◆ **WHAT YOU NEED TO DO**
Skip the images and print the listing exactly.

◆ **RECORDS FOR THE TASK**
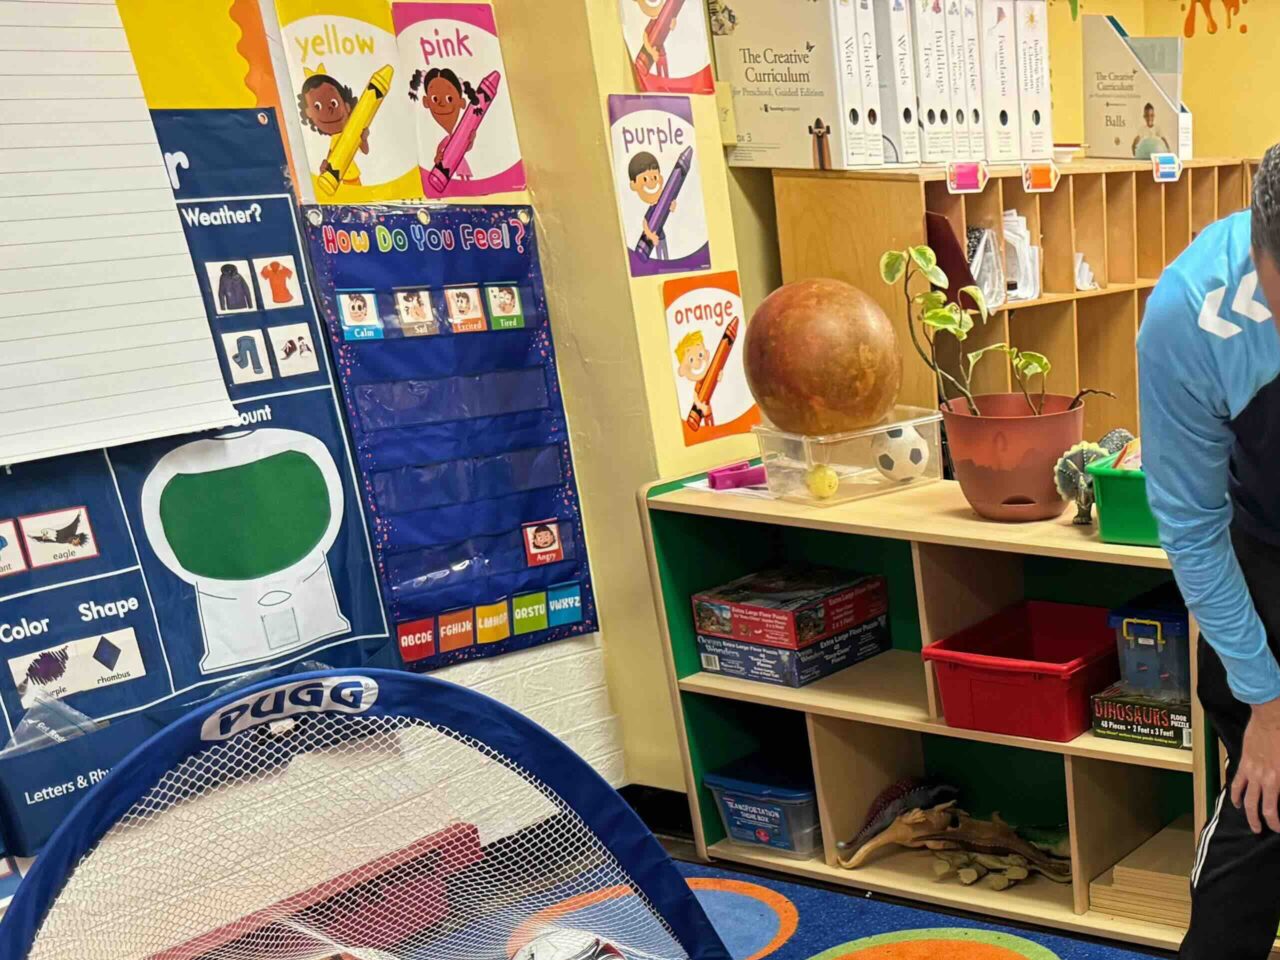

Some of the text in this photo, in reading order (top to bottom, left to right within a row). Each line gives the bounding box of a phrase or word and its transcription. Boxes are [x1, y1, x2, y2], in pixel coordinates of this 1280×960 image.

[295, 23, 375, 63] yellow
[419, 28, 473, 65] pink
[739, 48, 810, 64] The Creative
[844, 36, 855, 77] Water
[862, 32, 874, 87] Clothes
[897, 35, 909, 86] Wheels
[935, 30, 946, 94] Buildings
[998, 35, 1008, 97] Foundation
[745, 67, 810, 83] Curriculum
[1105, 115, 1126, 127] Balls
[622, 118, 684, 153] purple
[181, 203, 262, 227] Weather?
[322, 218, 525, 254] How Do You Feel?
[500, 317, 517, 328] Tired
[674, 300, 733, 327] orange
[353, 327, 375, 338] Calm
[53, 549, 76, 560] eagle
[536, 552, 557, 563] Angry
[79, 596, 139, 622] Shape
[0, 618, 50, 643] Color
[401, 630, 433, 647] ABCDE
[97, 671, 131, 685] rhombus
[219, 680, 365, 736] PUGG
[1095, 699, 1169, 728] DINOSAURS
[1170, 713, 1187, 722] FLOOR
[1101, 720, 1109, 728] 48
[1109, 721, 1127, 730] Pieces
[1137, 726, 1150, 734] Feet
[24, 782, 75, 805] Letters
[76, 775, 89, 789] &
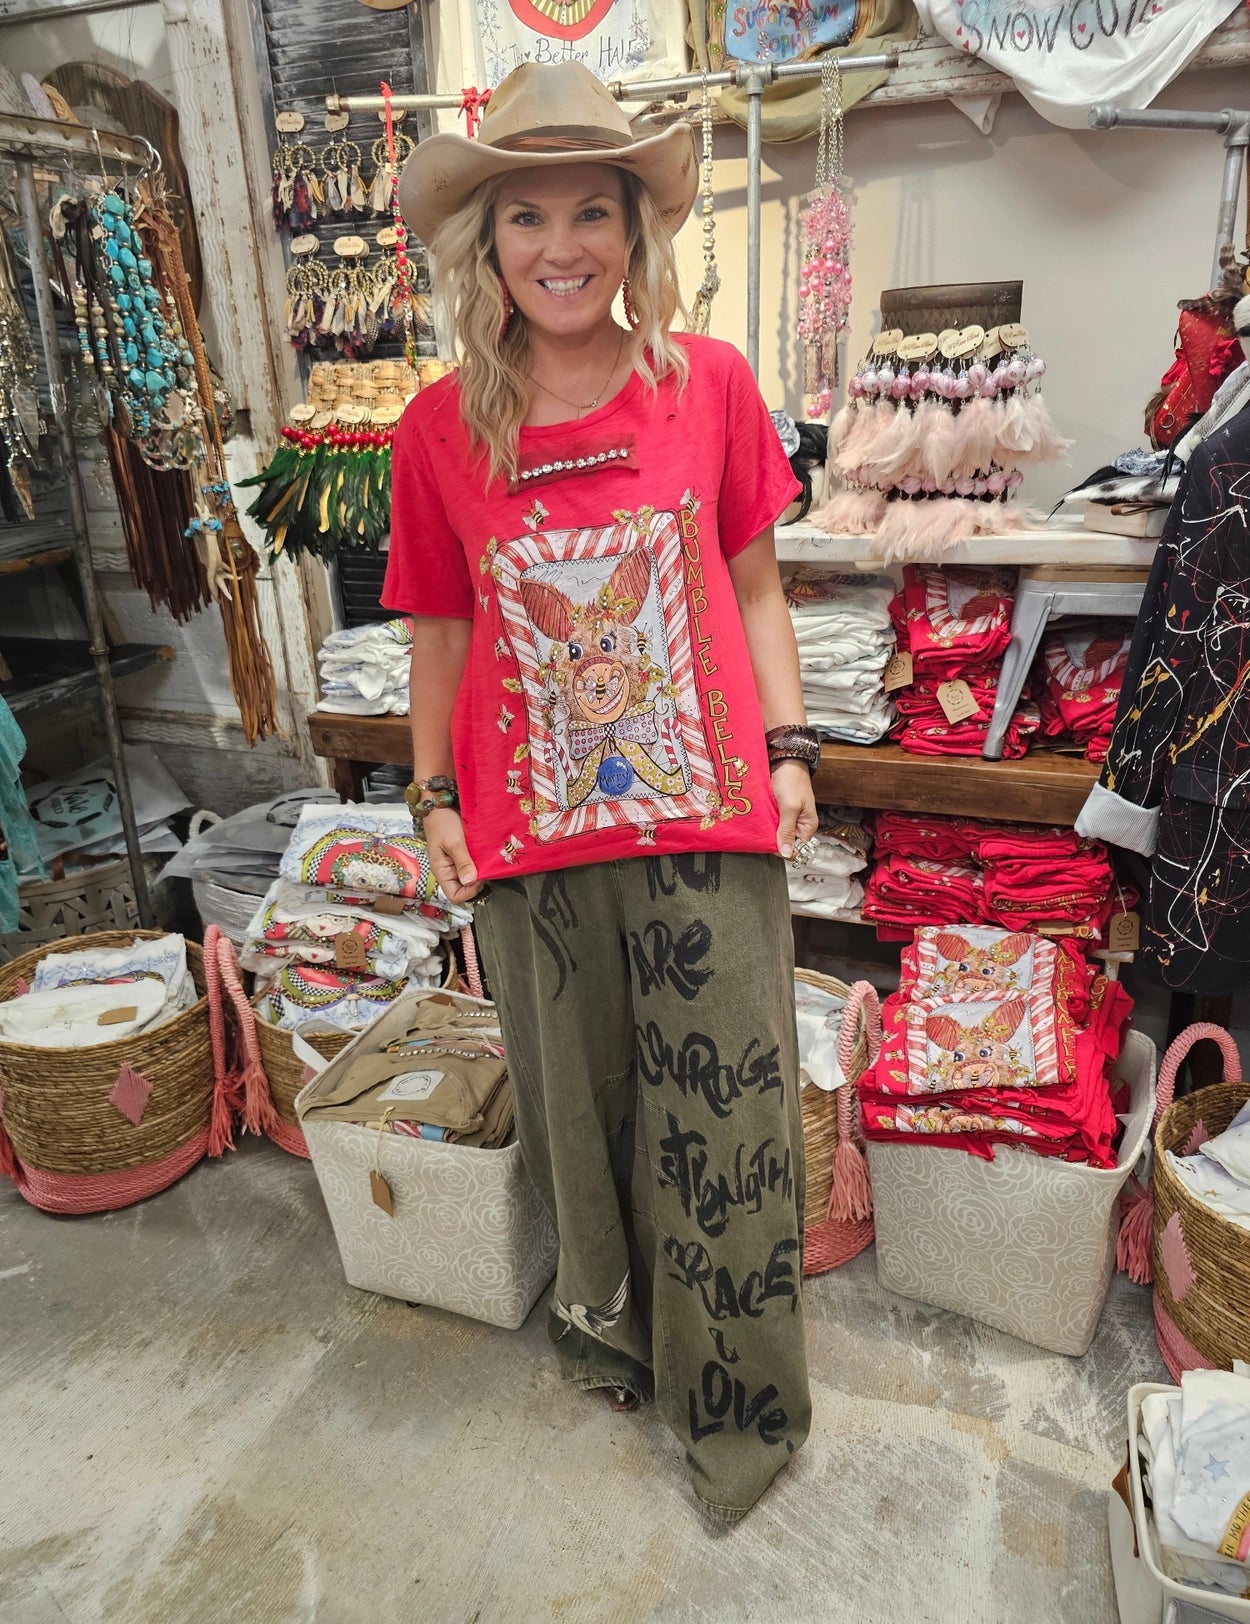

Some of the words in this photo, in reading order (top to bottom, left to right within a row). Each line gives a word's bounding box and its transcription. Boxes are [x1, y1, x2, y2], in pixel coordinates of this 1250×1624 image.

[756, 28, 818, 61] SOPHIE
[960, 4, 1065, 55] SNOW
[680, 509, 717, 677] BUMBLE
[707, 689, 752, 816] BELLS
[599, 771, 629, 789] Merry
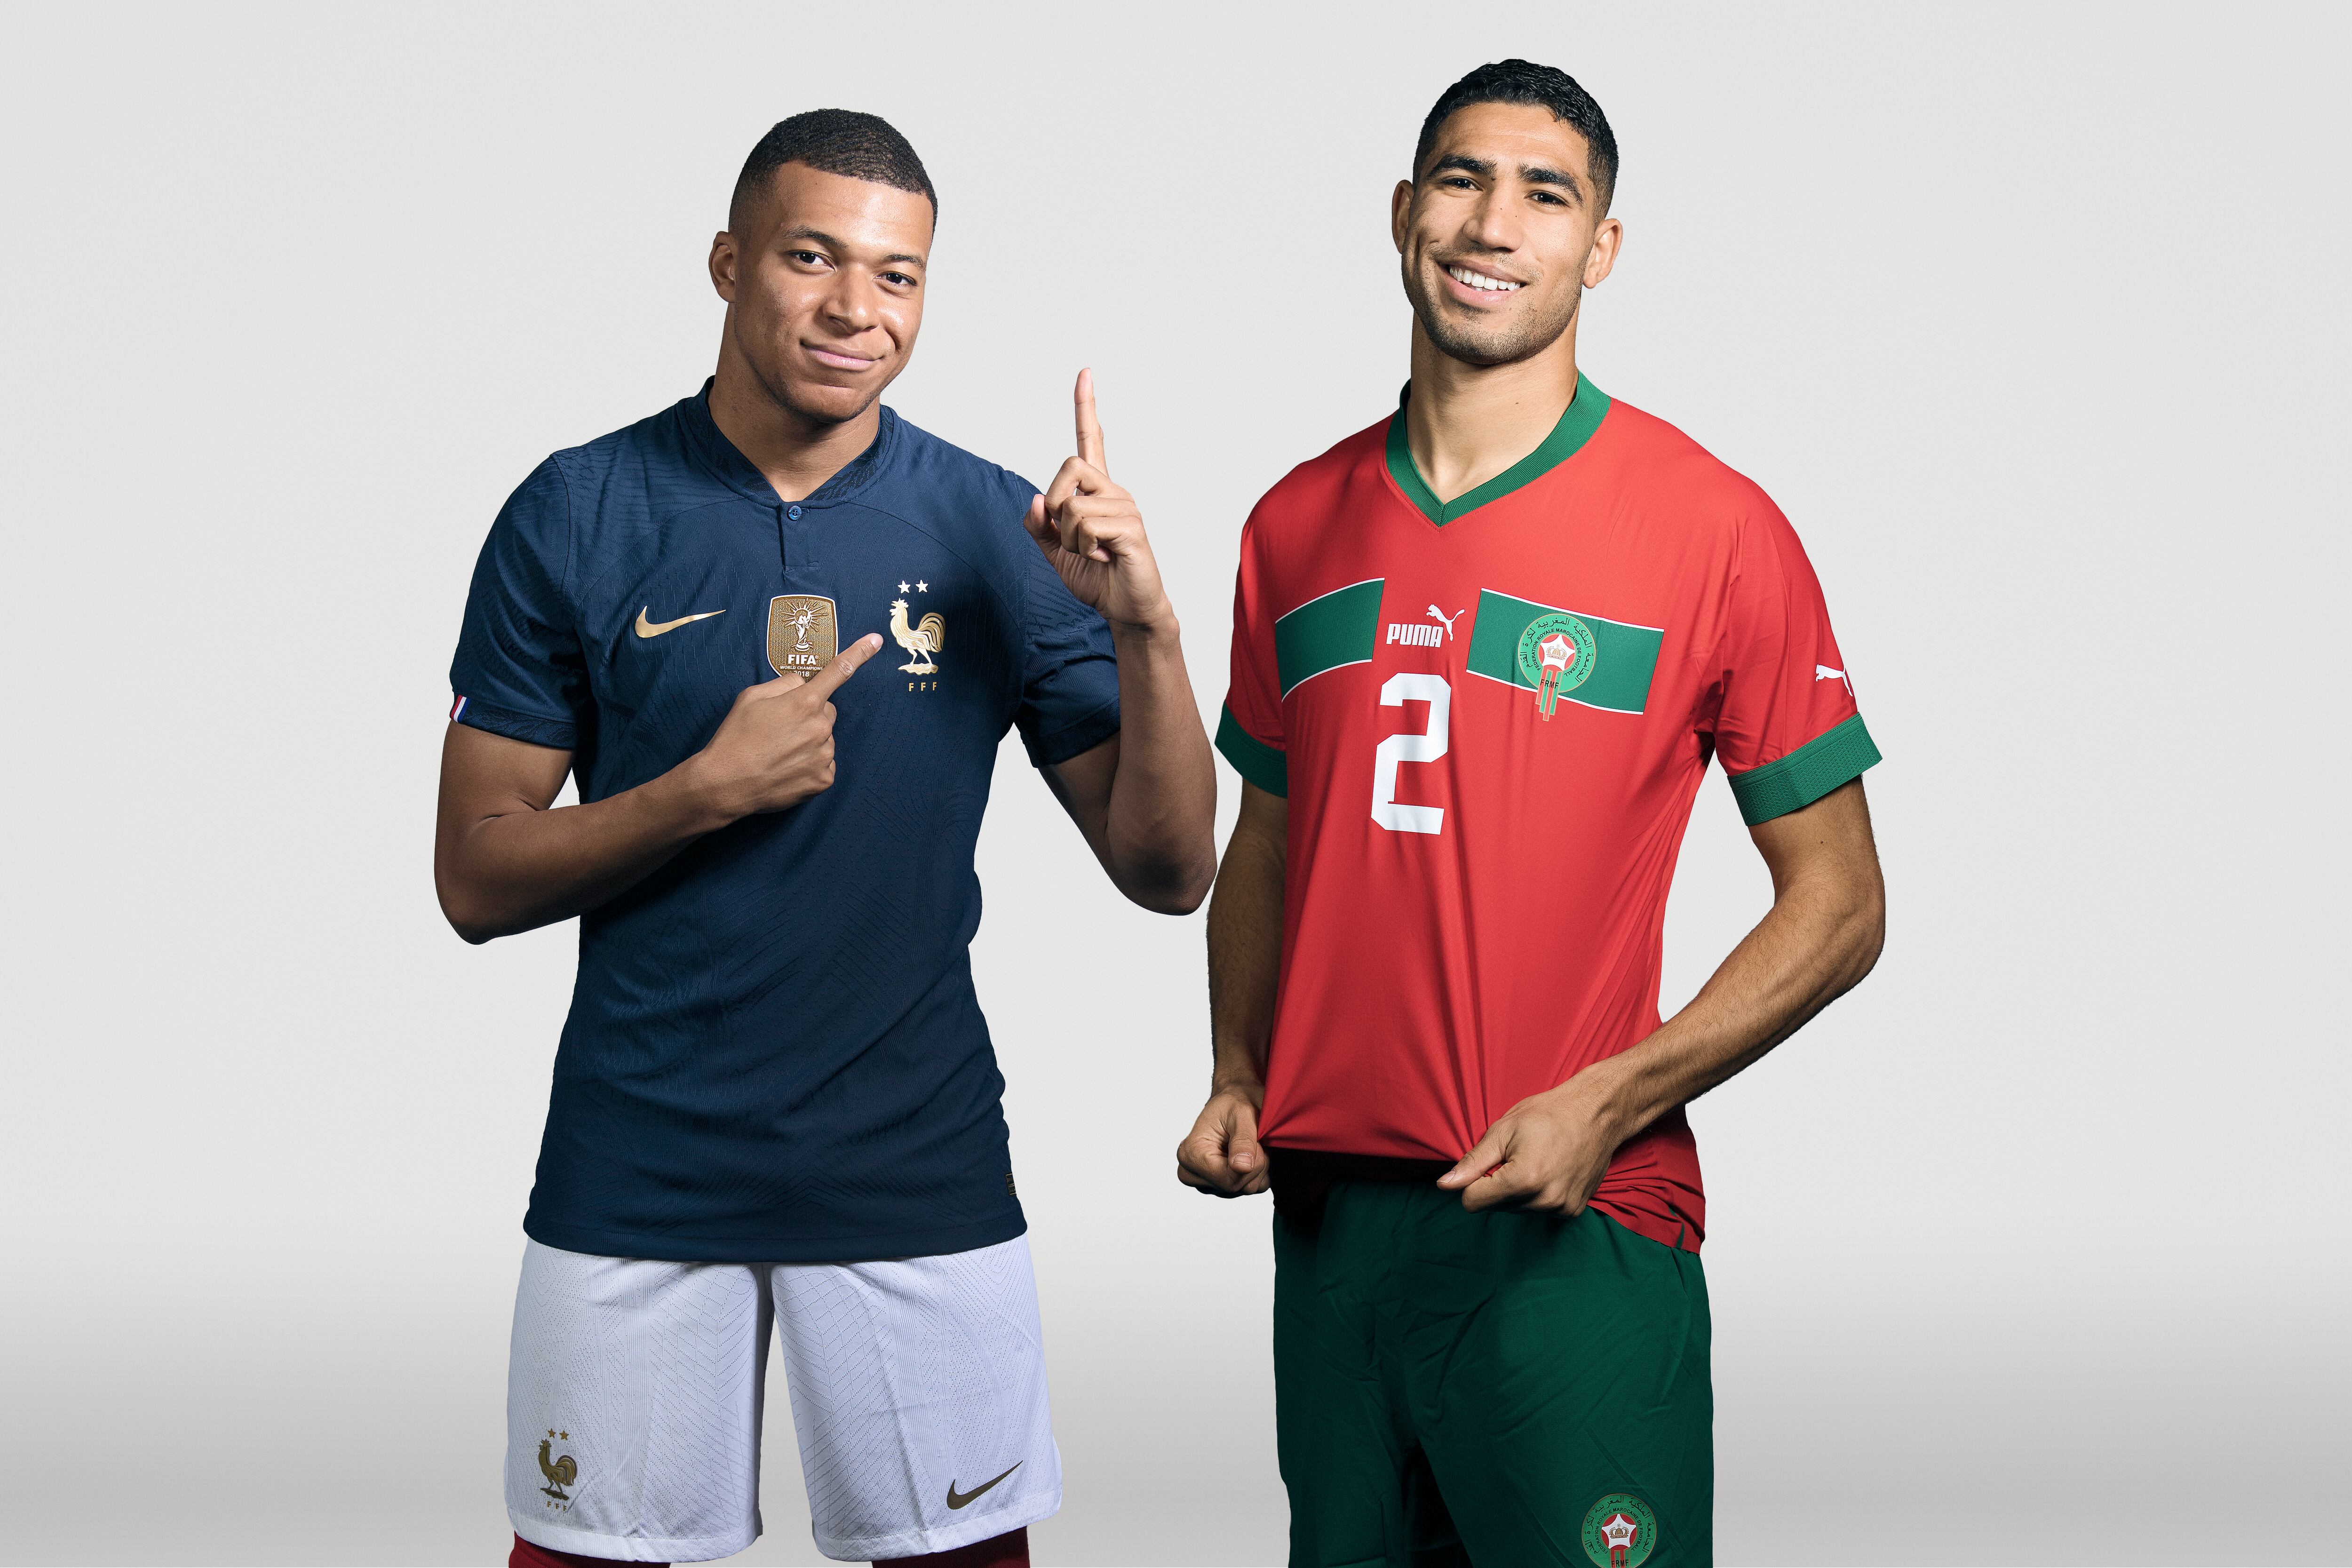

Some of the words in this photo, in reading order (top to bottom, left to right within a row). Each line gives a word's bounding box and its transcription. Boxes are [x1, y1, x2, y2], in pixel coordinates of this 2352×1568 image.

[1536, 617, 1570, 629] المغربية
[1386, 623, 1444, 648] PUMA
[1523, 628, 1535, 646] لكرة
[1537, 629, 1554, 640] ROYALE
[1556, 628, 1580, 646] MAROCAINE
[1573, 623, 1592, 647] الملكية
[1532, 640, 1541, 671] FEDERATION
[1564, 655, 1581, 677] FOOTBALL
[1540, 679, 1559, 689] FRMF
[1371, 672, 1452, 835] 2
[1593, 1496, 1624, 1513] المغربية
[1613, 1507, 1639, 1520] MAROCAINE
[1629, 1498, 1651, 1519] الملكية
[1585, 1515, 1594, 1534] لكرة
[1597, 1509, 1612, 1525] ROYALE
[1595, 1526, 1608, 1554] FEDERATION
[1631, 1528, 1643, 1551] FOOTBALL
[1611, 1559, 1629, 1568] FRMF

◆ **WRITTEN RESPONSE**
Some of the text in this photo, in reading order (top to bottom, left to right within a row). Each line gives the bounding box of a phrase or word and its transcription. Boxes are [x1, y1, x2, y2], in pixel coordinates of this 1280×960 image.

[295, 23, 375, 63] yellow
[419, 28, 473, 65] pink
[739, 48, 810, 64] The Creative
[844, 36, 855, 77] Water
[862, 32, 874, 87] Clothes
[897, 35, 909, 86] Wheels
[935, 30, 946, 94] Buildings
[998, 35, 1008, 97] Foundation
[745, 67, 810, 83] Curriculum
[1105, 115, 1126, 127] Balls
[622, 118, 684, 153] purple
[181, 203, 262, 227] Weather?
[322, 218, 525, 254] How Do You Feel?
[500, 317, 517, 328] Tired
[674, 300, 733, 327] orange
[353, 327, 375, 338] Calm
[53, 549, 76, 560] eagle
[536, 552, 557, 563] Angry
[79, 596, 139, 622] Shape
[0, 618, 50, 643] Color
[401, 630, 433, 647] ABCDE
[97, 671, 131, 685] rhombus
[219, 680, 365, 736] PUGG
[1095, 699, 1169, 728] DINOSAURS
[1170, 713, 1187, 722] FLOOR
[1101, 720, 1109, 728] 48
[1109, 721, 1127, 730] Pieces
[1137, 726, 1150, 734] Feet
[24, 782, 75, 805] Letters
[76, 775, 89, 789] &

Some of the words in this photo, in reading order (top to bottom, left to right within a row). Each line gives a word's bounding box and its transcription. Boxes are [x1, y1, x2, y2], in pixel coordinates of this 1250×1624 image.

[756, 28, 818, 61] SOPHIE
[960, 4, 1065, 55] SNOW
[680, 509, 717, 677] BUMBLE
[707, 689, 752, 816] BELLS
[599, 771, 629, 789] Merry

Some of the words in this photo, in reading order (top to bottom, left to right within a row). Each line gives a word's bounding box and its transcription. Boxes are [x1, y1, x2, y2], in pixel coordinates of this 2352×1568 image.

[1536, 617, 1570, 629] المغربية
[1386, 623, 1444, 648] PUMA
[1523, 628, 1535, 646] لكرة
[1537, 629, 1554, 640] ROYALE
[1556, 628, 1580, 646] MAROCAINE
[1573, 623, 1592, 647] الملكية
[1532, 640, 1541, 671] FEDERATION
[1564, 655, 1581, 677] FOOTBALL
[1540, 679, 1559, 689] FRMF
[1371, 672, 1452, 835] 2
[1593, 1496, 1624, 1513] المغربية
[1613, 1507, 1639, 1520] MAROCAINE
[1629, 1498, 1651, 1519] الملكية
[1585, 1515, 1594, 1534] لكرة
[1597, 1509, 1612, 1525] ROYALE
[1595, 1526, 1608, 1554] FEDERATION
[1631, 1528, 1643, 1551] FOOTBALL
[1611, 1559, 1629, 1568] FRMF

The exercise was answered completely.